Taylor doesn’t explicitly refer to what she was doing in Greenwich as prostitution, but she now allows that her primary motivation was, indeed, money. She and her host ended up in his bedroom, where he peeled off her bikini.
“I just wanted to get it over and done with as quickly as possible,” recalls Taylor, forcing out a nervous smile. “I just wanted to get out of that situation as safely as possible, pay off my debt, and move on.”
While she and her host hadn’t agreed to a set amount of money, on the drive back to the train station in Greenwich he handed her $350 in cash. She pocketed the envelope, seeing it as decent money for half a day’s work. But once on the train and no longer worried for her safety, she started to agonize over what she had just done.
“I never thought it would come to this. I got on the train and I felt dirty. I mean, I had just gotten money for having sex,” says Taylor, who never heard from the guy in Greenwich again. “I guess I accomplished what I needed to do. I needed the money for school. I just did what needed to be done.”
And she’s still doing what needs to be done. With tuition due in September to pay for her last semester of college, Taylor’s back on the hunt for other, more lucrative online hookups.
WHO ARE THESE GUYS?
“It’s a very expensive job,” says Jack, a 70-year-old sugar daddy, who describes himself as a “humanitarian” interested in helping young women in financial need. Jack isn’t the name that appears on his American Express black card, but an identity he uses when shopping online for companionship and sex.
Jack says he meets up twice a week with a young woman from Seeking Arrangement. He typically forks over about $500 a night — and that’s not including lavish dinners at Daniel or shopping excursions on Madison Avenue.
“Unlike a traditional escort service, I was surprised to find such an educated, smart population,” says Jack, during cocktail hour recently at the Ritz-Carlton in Manhattan. He said he lives next door in a penthouse apartment overlooking Central Park South and pays $22,000 a month in rent.
In his profile on Seeking Arrangement, Jack describes himself as a 67-year-old with a bachelor’s degree.
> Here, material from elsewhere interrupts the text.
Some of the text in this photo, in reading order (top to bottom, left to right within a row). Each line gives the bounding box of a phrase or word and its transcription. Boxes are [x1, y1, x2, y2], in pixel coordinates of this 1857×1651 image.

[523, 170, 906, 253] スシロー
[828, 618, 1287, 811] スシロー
Prior to retiring, the divorced Charleston, S.C., native says he founded four financial services companies. But after taking a big hit in the financial crisis and being forced to downsize, Jack says he had to part ways with his private jet due to what he describes as “reduced circumstances.” On the site, he lists his annual income as $1 million and his net worth as something between $50 and $100 million.
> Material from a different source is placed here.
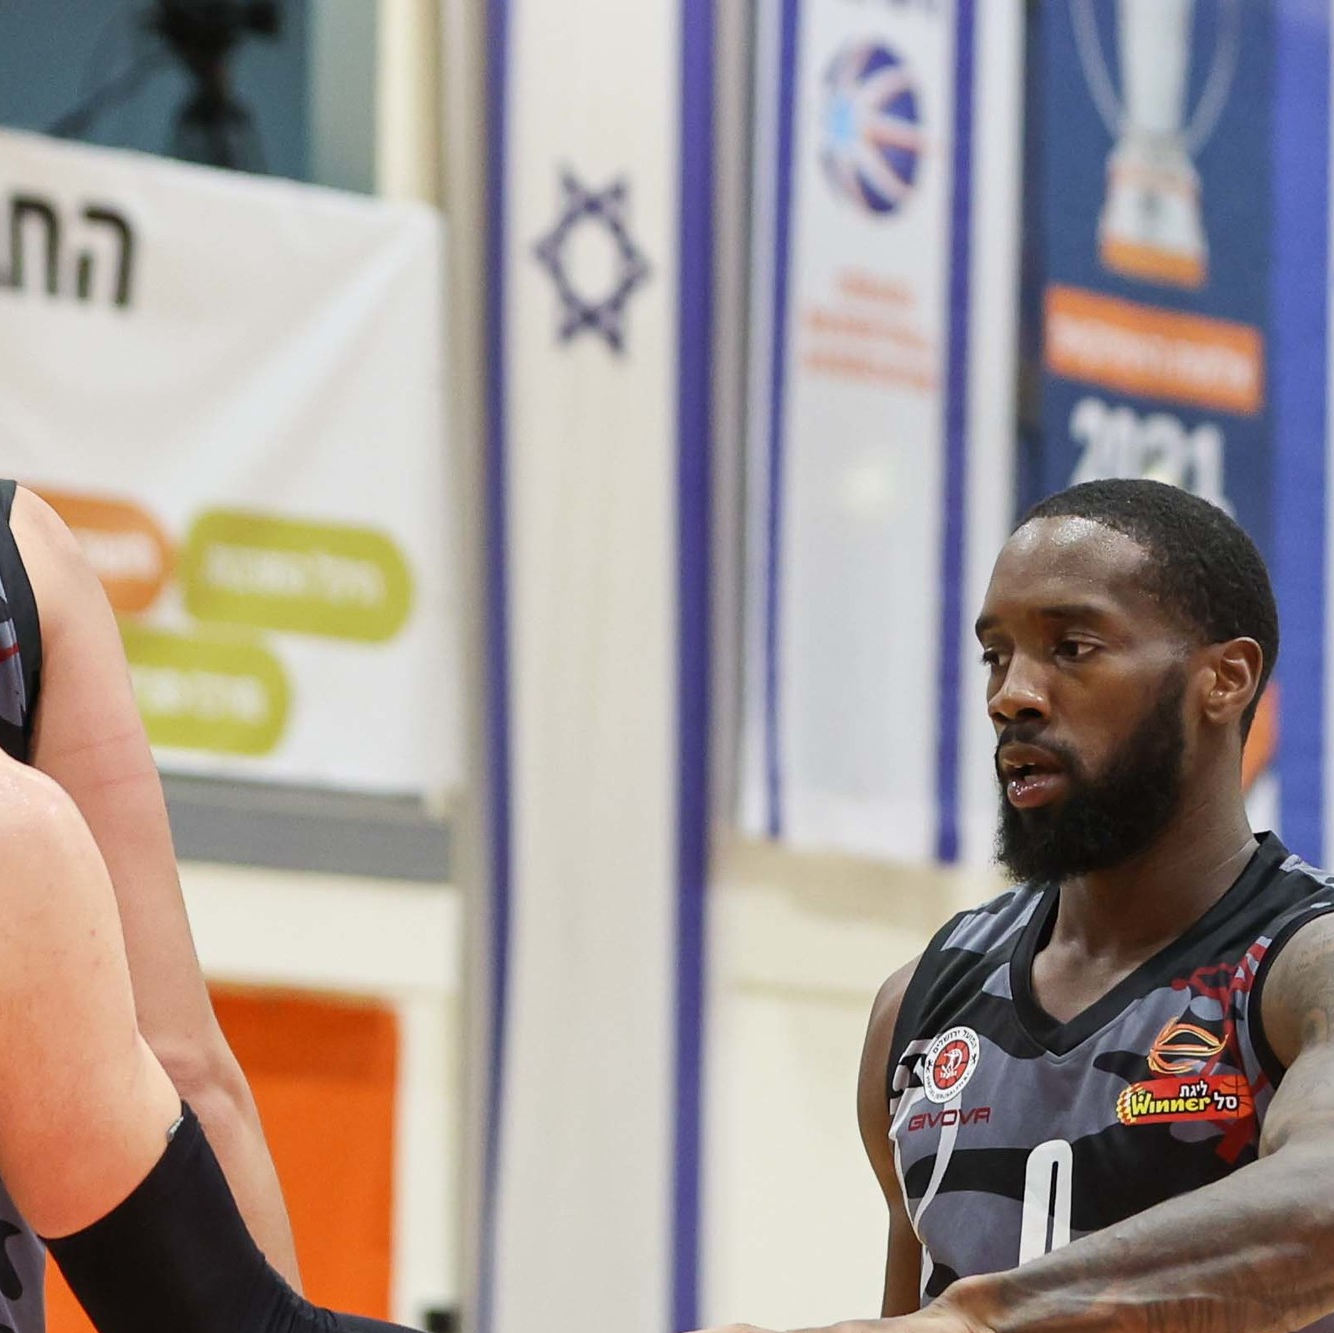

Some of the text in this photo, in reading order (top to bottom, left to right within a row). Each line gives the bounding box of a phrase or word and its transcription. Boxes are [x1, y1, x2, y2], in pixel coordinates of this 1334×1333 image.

[1179, 1080, 1208, 1097] ליגת
[1130, 1091, 1238, 1116] Winner סל
[907, 1106, 991, 1132] GIVOVA
[1018, 1138, 1073, 1268] 0
While sugar babies can create profiles on Seeking Arrangement free of charge and a regular sugar daddy membership costs $50 each month, Jack pays $2,400 a year to belong to the Diamond Club. For a sugar daddy willing to pay up, the site says it verifies his identity, annual income, and net worth and then ensures his profile gets the most traction by continually allowing it to pop up in the top tier of search results.
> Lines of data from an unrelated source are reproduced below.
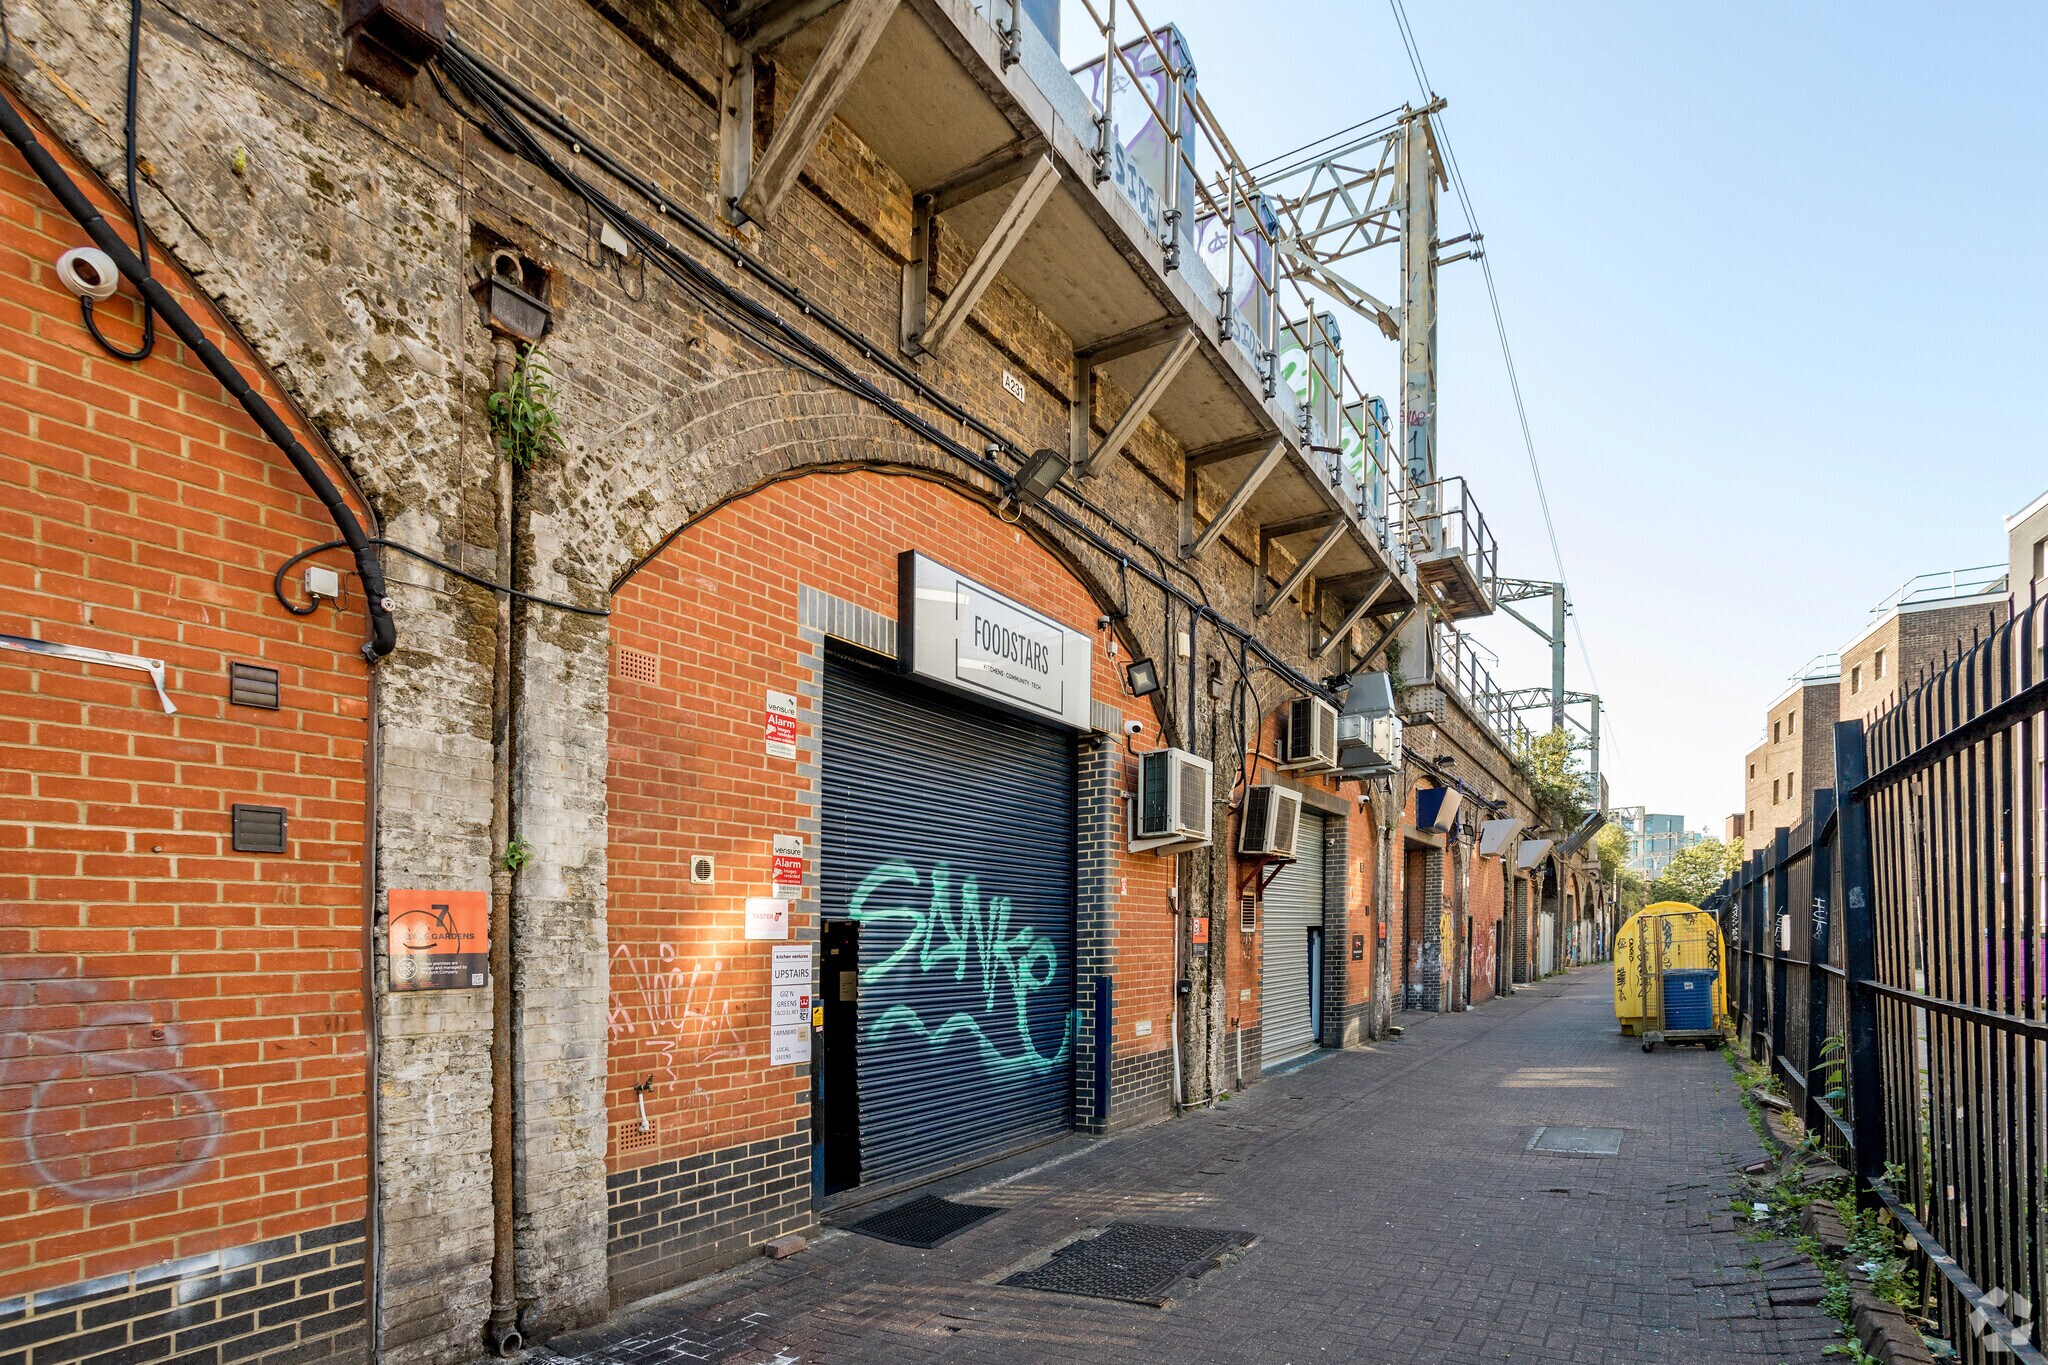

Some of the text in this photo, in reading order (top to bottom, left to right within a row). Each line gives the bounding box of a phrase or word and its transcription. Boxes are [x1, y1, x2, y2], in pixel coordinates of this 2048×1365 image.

[1005, 375, 1023, 399] A231
[975, 615, 1049, 675] FOODSTARS
[984, 664, 1041, 690] KITCHENS COMMUNITY TECH
[768, 704, 795, 715] verisure
[768, 714, 795, 729] Alarm
[775, 847, 801, 855] verisure
[775, 858, 801, 868] Alarm
[431, 904, 449, 927] 7
[775, 969, 809, 979] UPSTAIRS
Educated, debt-ridden 20-somethings happen to be an age demographic that intersects nicely with Jack’s preferences. “I only go out with girls 25 and under,” says Jack, whose thick head of white hair and bushy eyebrows form a halo around a red, flushed face. “But I can’t walk into a bar and go up to a 25-year-old. They’d think I’m a pervert. So, this is how I go about meeting them.”
As he continues, he repeatedly glances over his shoulder to make sure no one is listening.
“Most of these young women have debt from school,” says Jack, who finds most young women also carry an average of $8,000 in credit-card debt. “I guess I like the college girls more because I think of their student debt as good debt. At least it seems like I’m helping them out, like I’m helping them to get a better life.”